# ACTION ITEM
The entries shown here must be retyped in full, with no pictures included.

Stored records
-*-*-

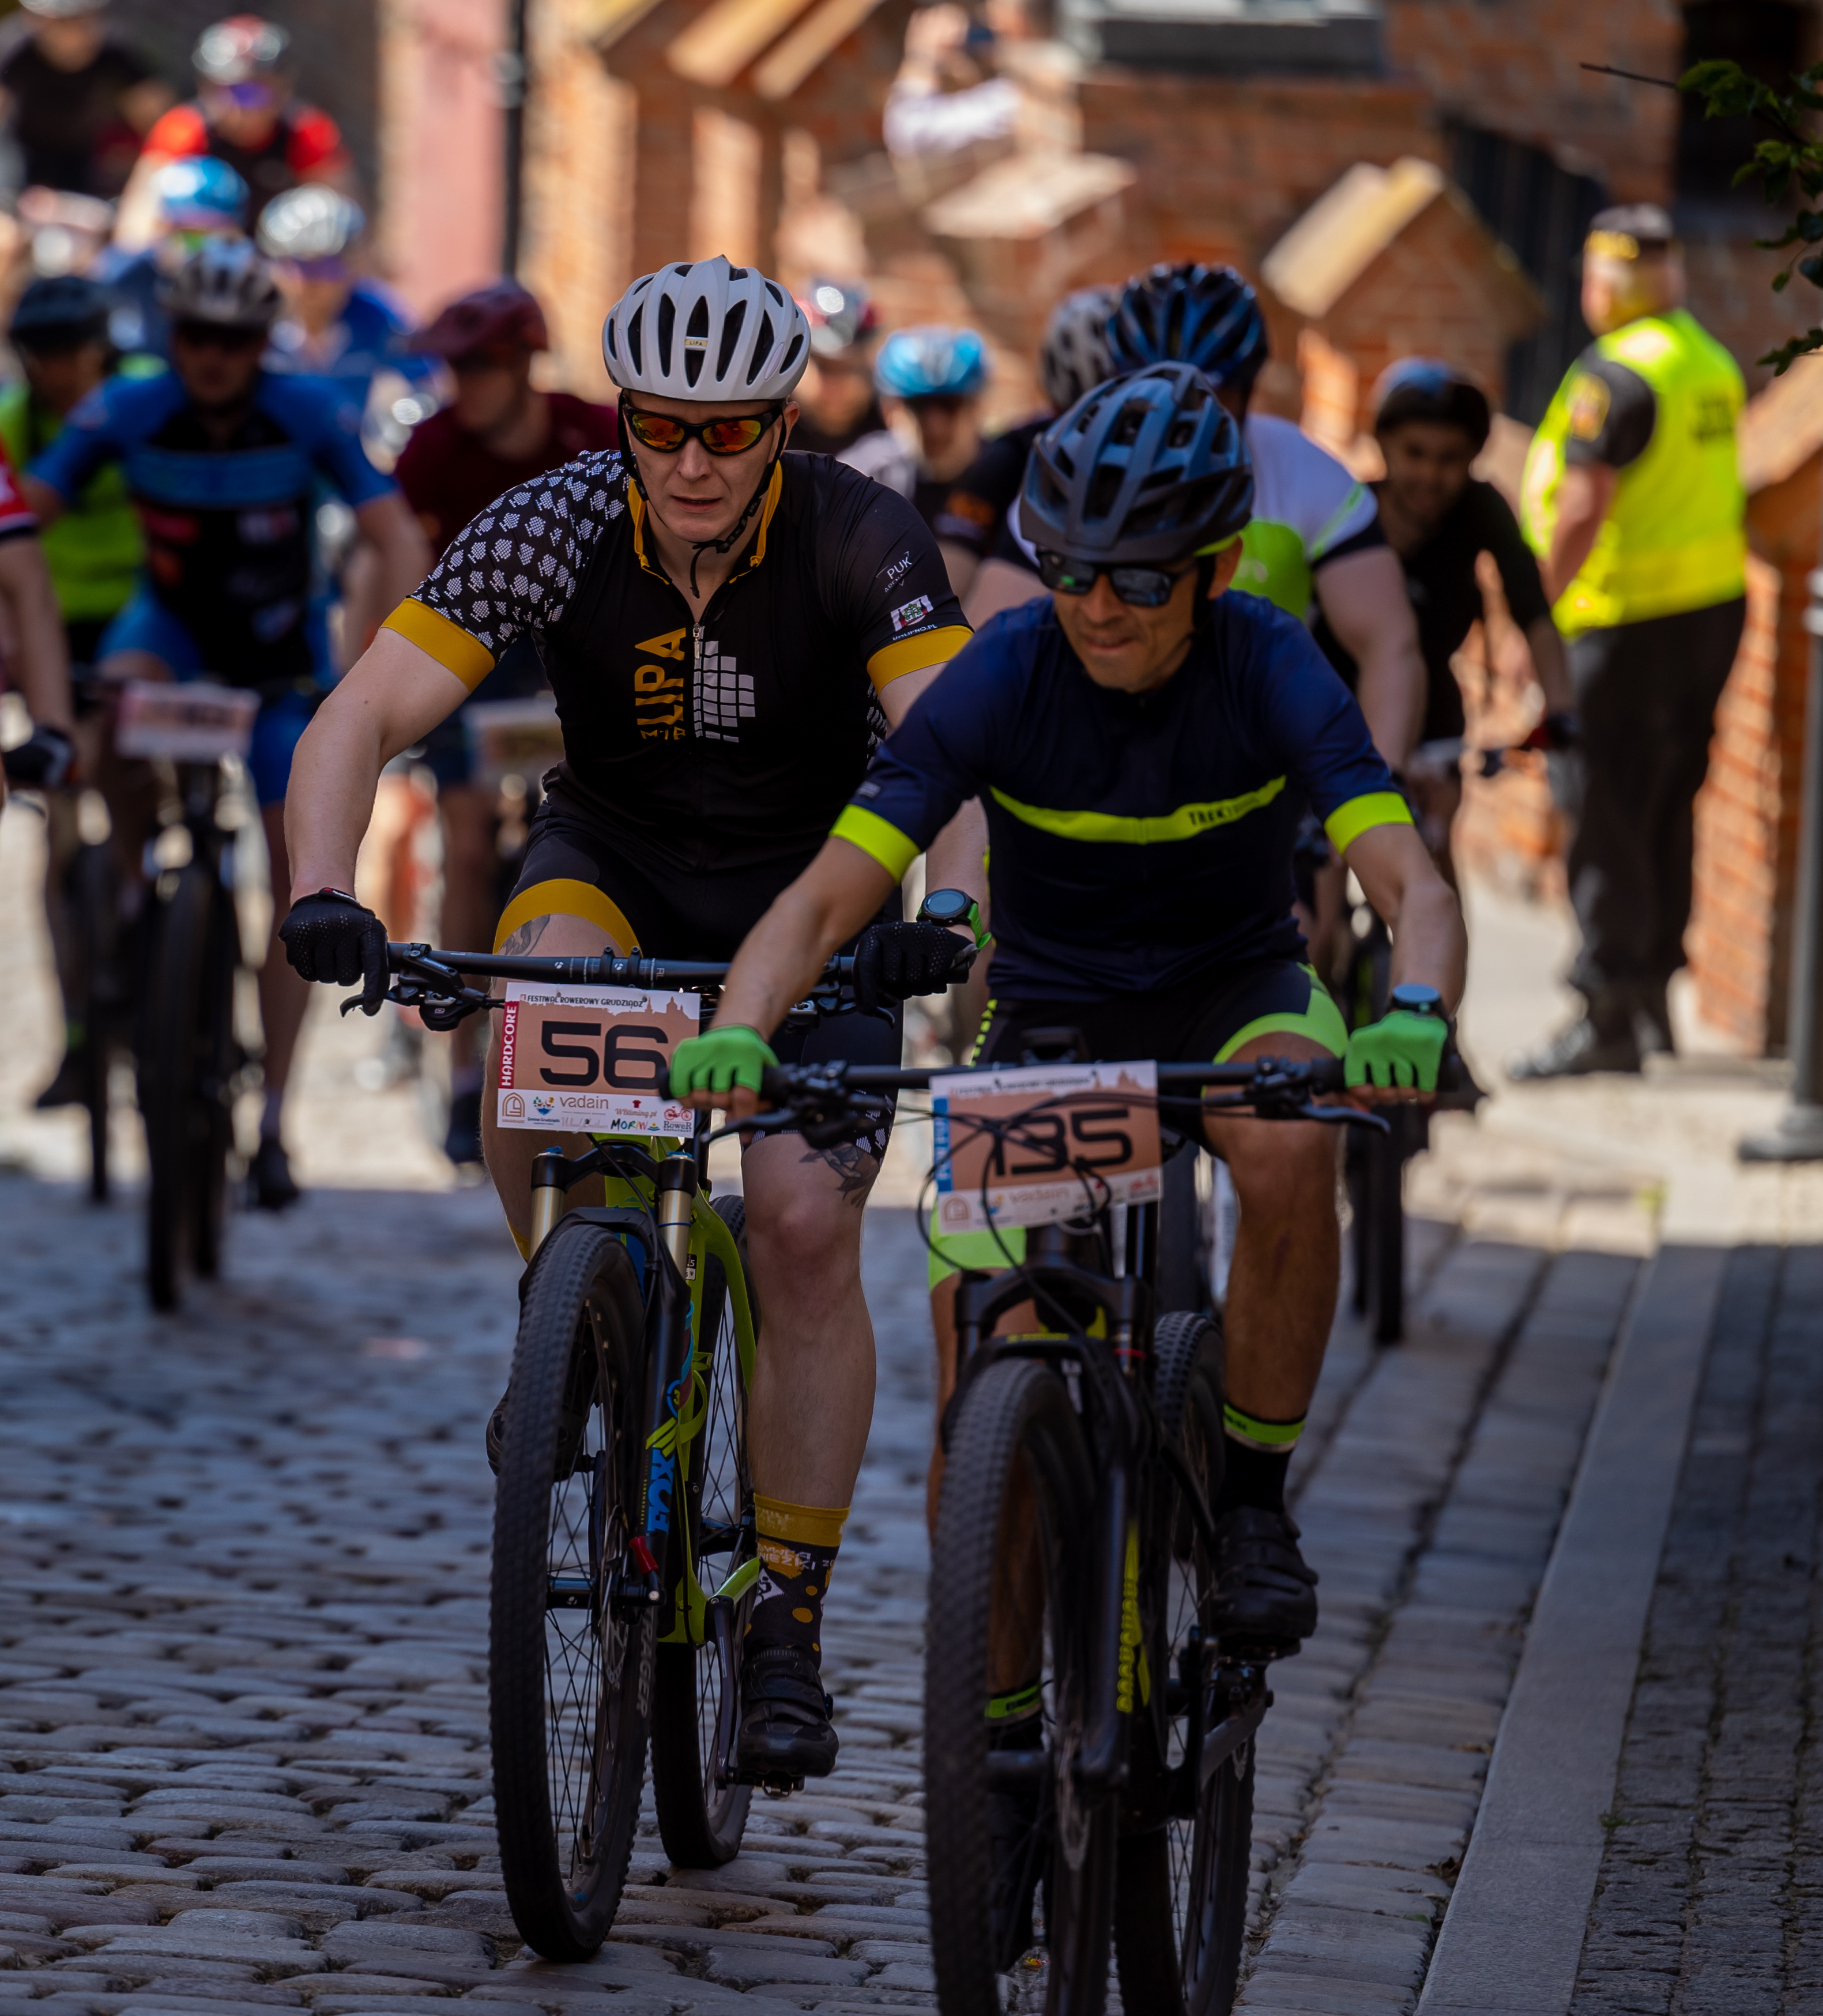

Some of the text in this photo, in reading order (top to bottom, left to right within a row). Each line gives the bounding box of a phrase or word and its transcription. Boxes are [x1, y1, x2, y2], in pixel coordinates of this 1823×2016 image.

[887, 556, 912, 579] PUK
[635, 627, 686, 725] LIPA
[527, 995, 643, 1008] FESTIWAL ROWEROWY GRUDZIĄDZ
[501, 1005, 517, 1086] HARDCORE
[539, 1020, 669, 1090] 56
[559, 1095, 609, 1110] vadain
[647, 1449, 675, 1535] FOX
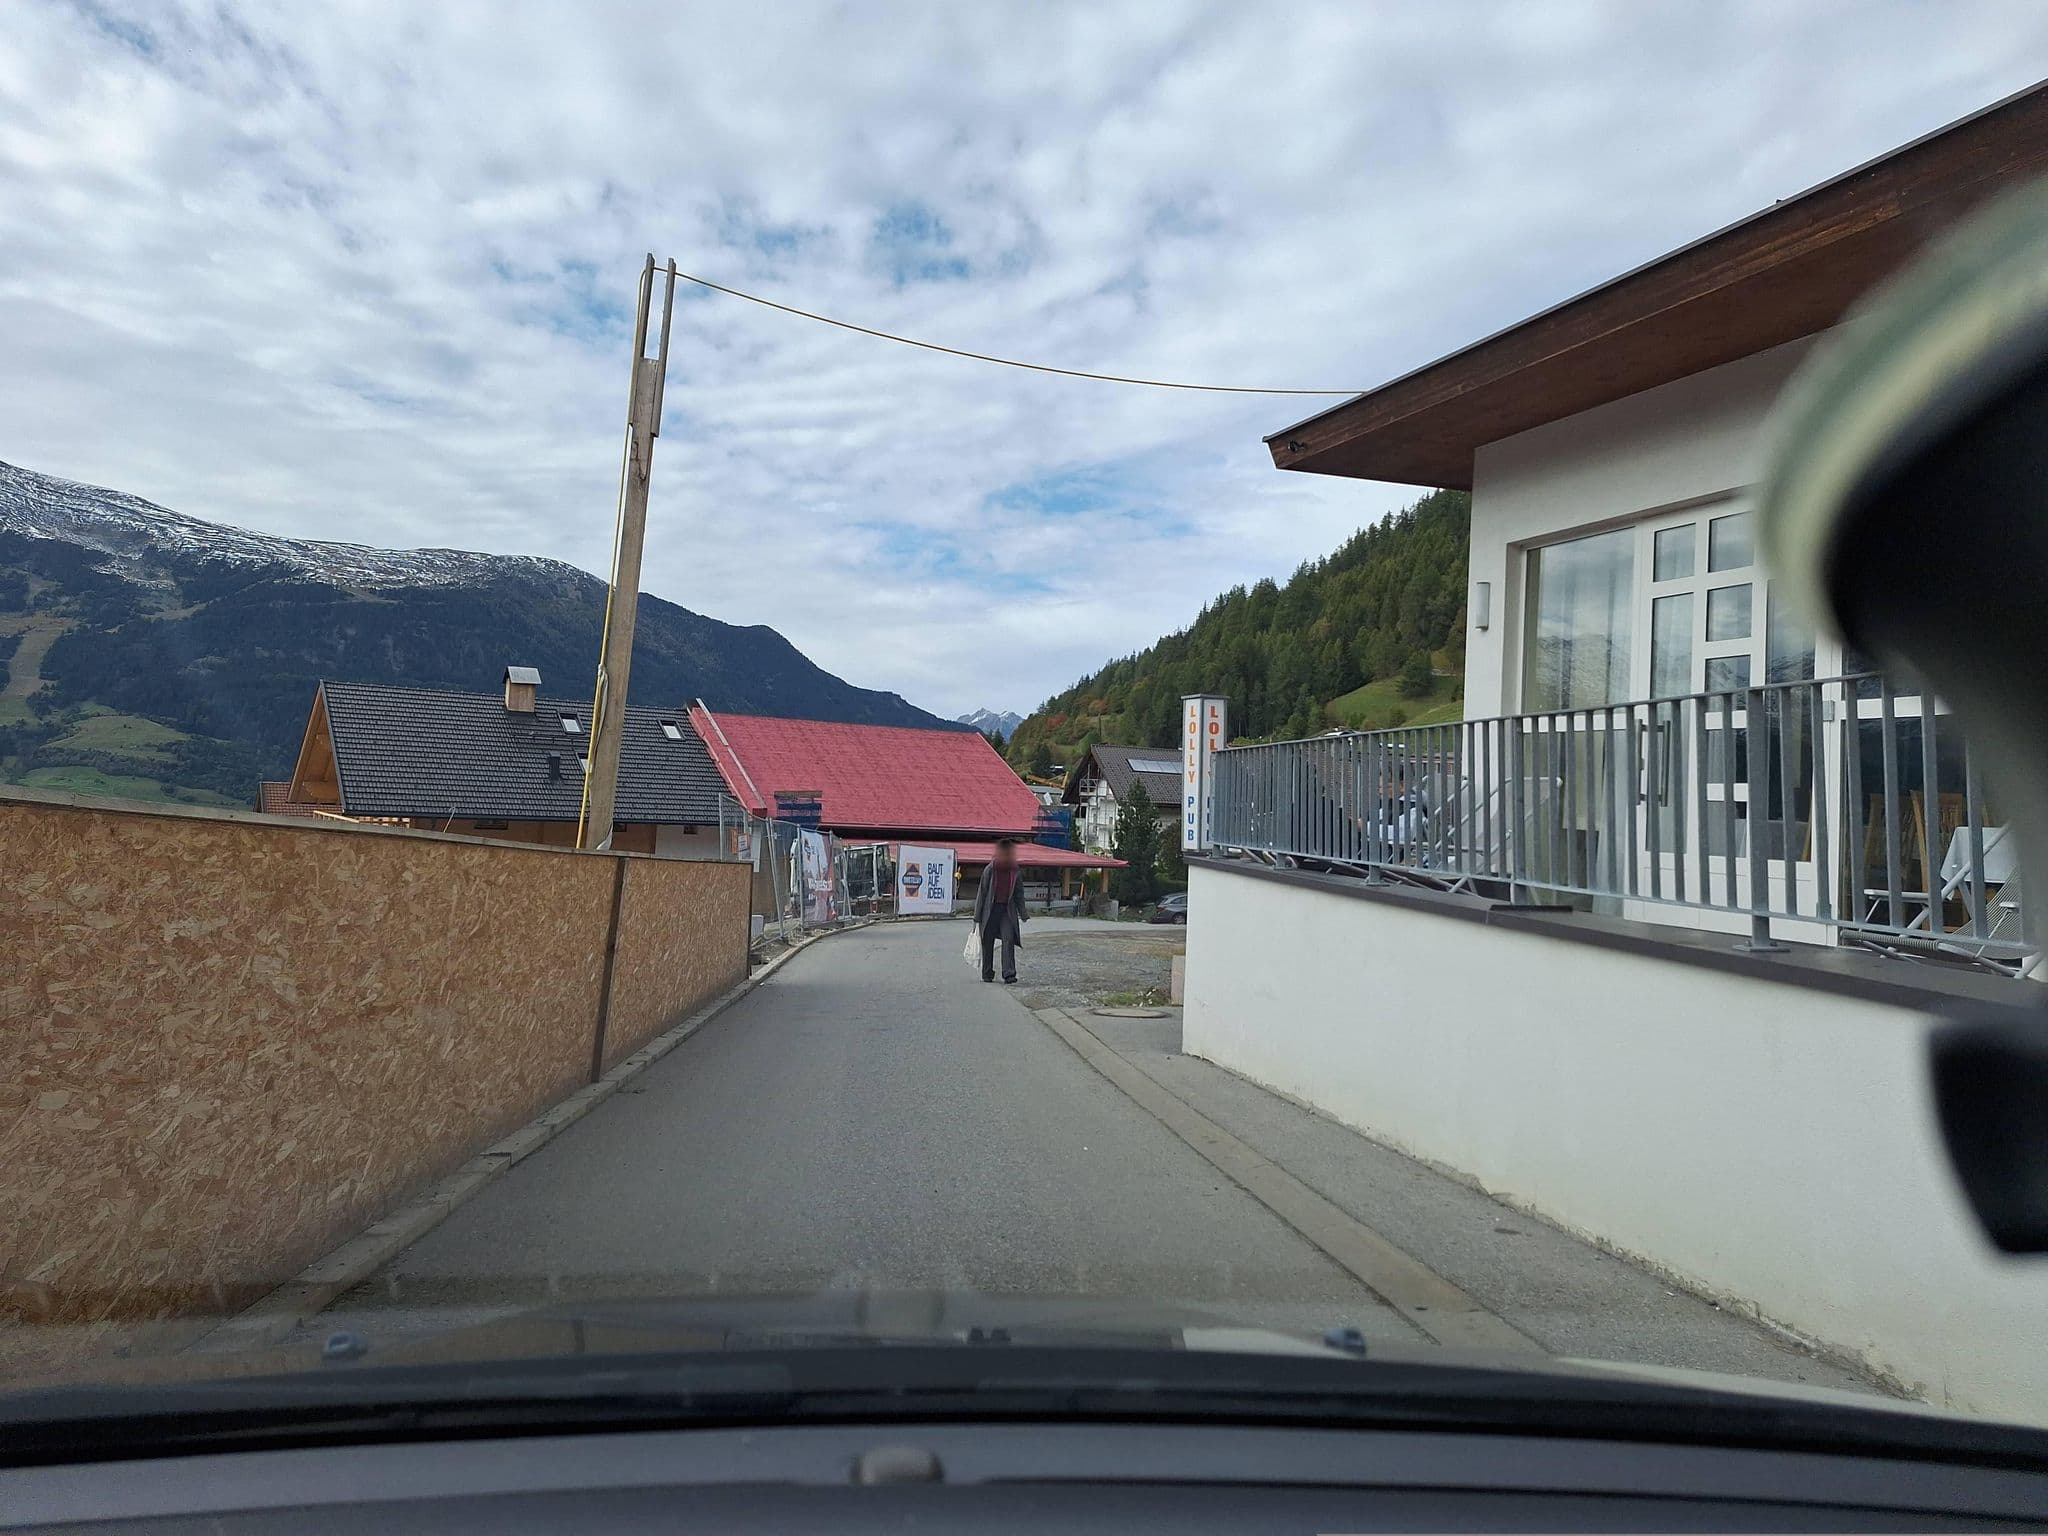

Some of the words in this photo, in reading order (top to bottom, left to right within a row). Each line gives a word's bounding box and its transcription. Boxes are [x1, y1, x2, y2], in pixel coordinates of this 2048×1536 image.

-*-*-

# EXPECTED OUTPUT
Some of the text in this photo, in reading order (top to bottom, left to right within a row). Each line gives the bounding box of a phrase or word and its transcription. Boxes are [x1, y1, x2, y2], in pixel coordinates of this 1823×2016 image.

[887, 556, 912, 579] PUK
[635, 627, 686, 725] LIPA
[527, 995, 643, 1008] FESTIWAL ROWEROWY GRUDZIĄDZ
[501, 1005, 517, 1086] HARDCORE
[539, 1020, 669, 1090] 56
[559, 1095, 609, 1110] vadain
[647, 1449, 675, 1535] FOX

Some of the words in this photo, in reading order (top to bottom, left to right within a row). Each line gives a word's bounding box and its transcription. Boxes are [x1, y1, x2, y2], in pixel coordinates of this 2048×1536 image.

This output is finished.